La
niebla
A un buen hombre, Antonio Gómez,
por inspirármelo aunque no lo sepa ;)
Blanquecina
y fría, una espesa y casi opaca nube me envuelve, haciéndome creer que estoy
solo en mitad de la nada. Conforme los segundos transcurren, la niebla, sagaz y
libertina, va apoderándose de la playa a su libre albedrío hasta cubrir la
orilla por completo y dejarme sin ver a ningún veraneante más. La gelidez roza
la toalla y me estremezco ante un quemazón interno. Las risas de
fondo han ido cesando poco a poco hasta quedarse en una chiquillada, un juego de
niños casi inaudible. Por otro lado, el murmullo del fuerte oleaje amainó su
compás hasta hacerse casi imperceptible.
Surco
con mis dedos la escarchada arena, buscando la calidez de la piedra que hace un
rato puse a mi lado para que no cogiera mi hijo pequeño. Para mi asombro, la
mortecina mano de la muerte es lo único que hallo en mi camino. Me levanto
asustado, aturdido y lanzando un ahogado alarido al aire. Corro por la arena
buscando a alguien, pero no encuentro nada que no sea la soledad de una playa
vacía, llena de objetos abandonados: sombrillas, toallas, sillas, neveras…
Tropiezo
y ruedo por el suelo, tragando arena. Me retuerzo hasta sacudirme el rostro y
me levanto de nuevo. Es una persona. Una jovencita que había estado contemplando
momentos antes caminar con su novio. La volteo y su palidez me asombra y
acongoja. Un ruido atroz envuelve el ambiente al mismo tiempo que las risitas se
escuchan más lejanas. Lo sepulcral me rodea a base de quejidos y lamentos… Me
pongo en pie, dejando el cadáver a un lado. Me trago un dificultoso nudo de la garganta al mismo tiempo que
la niebla se hace más densa y las chiquilladas han dejado casi de sonar de
fondo.
De
repente, distingo una sombra que camina desgarbada y con parsimonia hacia mi
posición. Con una sonrisa ilusa en la boca, avanzo dos pasos hacia delante en busca de socorro. Casi no puedo verle u oírle.
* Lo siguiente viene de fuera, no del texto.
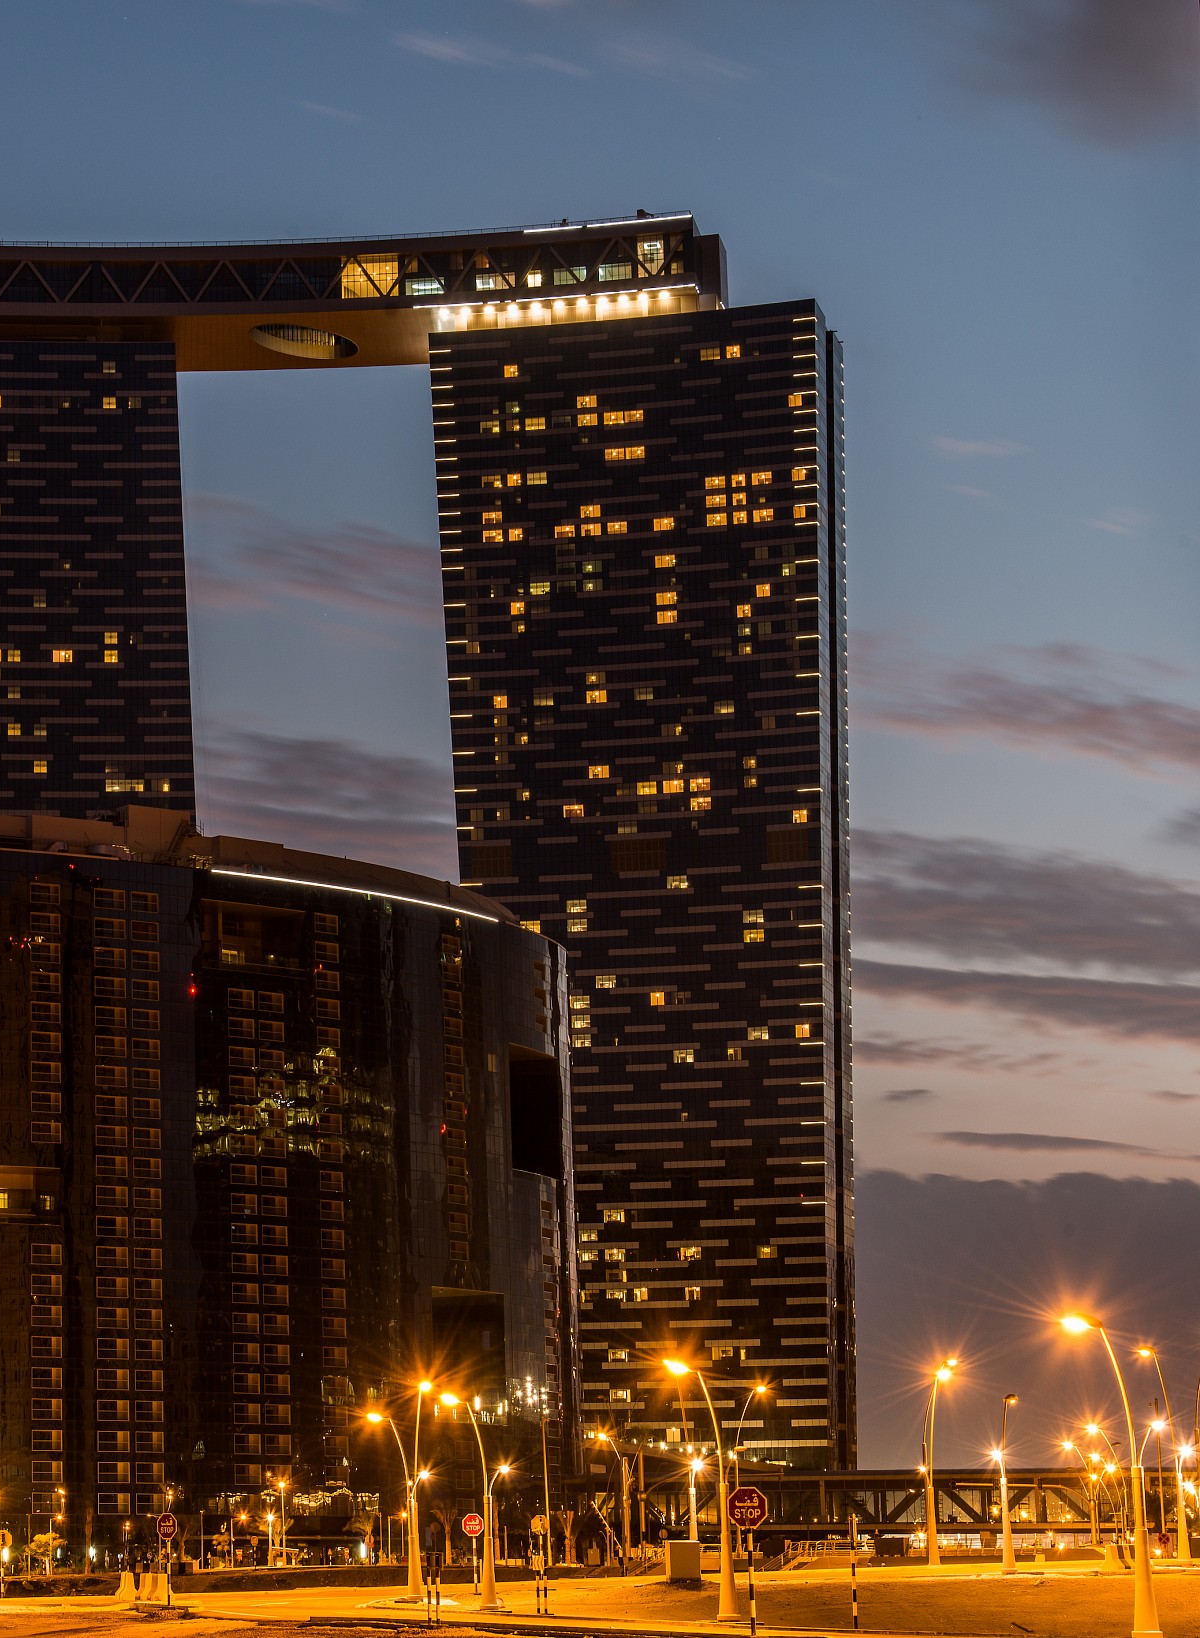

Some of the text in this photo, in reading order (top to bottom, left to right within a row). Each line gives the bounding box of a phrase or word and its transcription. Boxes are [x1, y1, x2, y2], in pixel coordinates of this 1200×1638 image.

[735, 1494, 759, 1506] قف
[734, 1508, 761, 1519] STOP
[160, 1526, 174, 1534] STOP
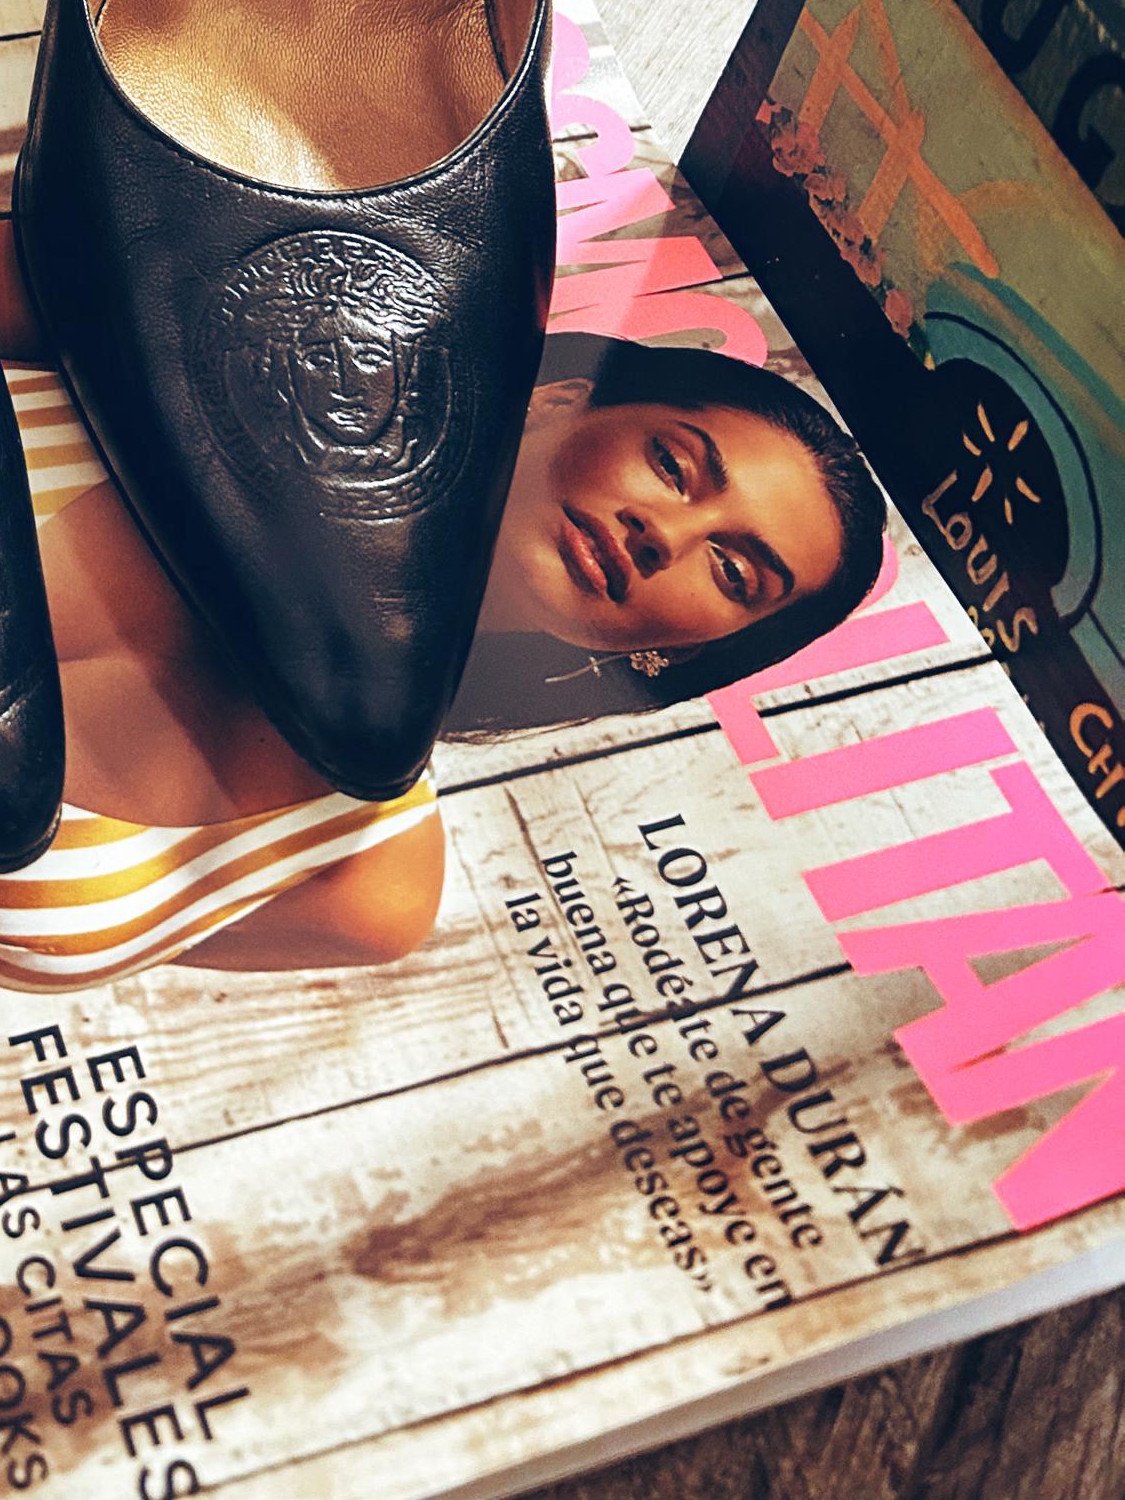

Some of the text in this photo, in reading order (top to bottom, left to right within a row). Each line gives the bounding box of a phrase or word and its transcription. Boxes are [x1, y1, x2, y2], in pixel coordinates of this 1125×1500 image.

Cuando voy a hablarle, ya está a menos de un metro. Al fin consigo distinguirle con mayor
claridad. Sin embargo, mis ojos irremediablemente se abren ante lo sobrecogedor e
imposible. Sus pupilas carecen de vida y su sentido “de ella” se encuentra,
quizás, en el más allá. Nervioso, retrocedo aterrado. Sin esperármelo, me agarran un
pie. Caigo de espaldas y compruebo que la persona que me sostiene me mira con
sus blancos y ciegos ojos. Grito horrorizado. Me zafo como puedo de
la joven chica que creí muerta y vuelvo a correr, a huir.
Con
habilidad, escapo de todas las manos que casi me rozan entre las tinieblas de
la blancuzca neblina y sigo corriendo sin mirar atrás. Solo rezo para que no me
toquen, ya que, aun no haciéndolo, siento sus manos desgarrar mi piel.
Vuelvo
a caer (o eso noto al sentir un peso descomunal sobre mi pierna). Ruedo por la
arena (o eso creo al saborearla entre mis dientes). Siento que mi cuerpo, poco a
poco, va ardiendo. Procuro levantarme, pero me oprimen, agarrándome por todos
lados hasta dejar solo mi cabeza a flote.
En
mitad de este sin vivir, de esta nublada agonía, una luz me ciega y distingo la
fina y delgada silueta de la muerte. Viene con largos cabellos negros. Inquieto, logro
liberar una mano de su cautividad, pero la arena se vuelve en mi contra,
provocando que tosa al ingerirla otra vez.
Trato de pedir clemencia, pero un torrencial de agua salada me ahoga sin contemplación alguna. "Me ahogo.
Me ahogo…"
Doy
un respingo y me encuentro a mi mujer, frente a mí, con un cubo de playa entre
las manos y el ceño fruncido. Mientras miro mi achicharrada piel, llena de
arena, la escucho quejarse de mi torpeza. No le he echado crema ni los niños, ni
a mí. Al torcer mi vista hacia los chiquillos –cada uno a un lado de mi cuerpo–, los encuentro casi tan rojos
como yo y las manos llenas de arena con la que previamente me estaban enterrando
“para que no me quemase”. "Angelitos...".
Mientras
ella me regaña y se lleva a los niños de la mano al apartamento para que no
les dé una insolación, la niebla comienza a cubrir la línea del horizonte. Ya apenas se ve el mar. Otra vez
me quedo solo, como en mi sueño, esperando a que la blanca, espesa y fría niebla
avance hasta la orilla. Pensando en si levantarme y "salir por patas", o esperar y ver qué pasa.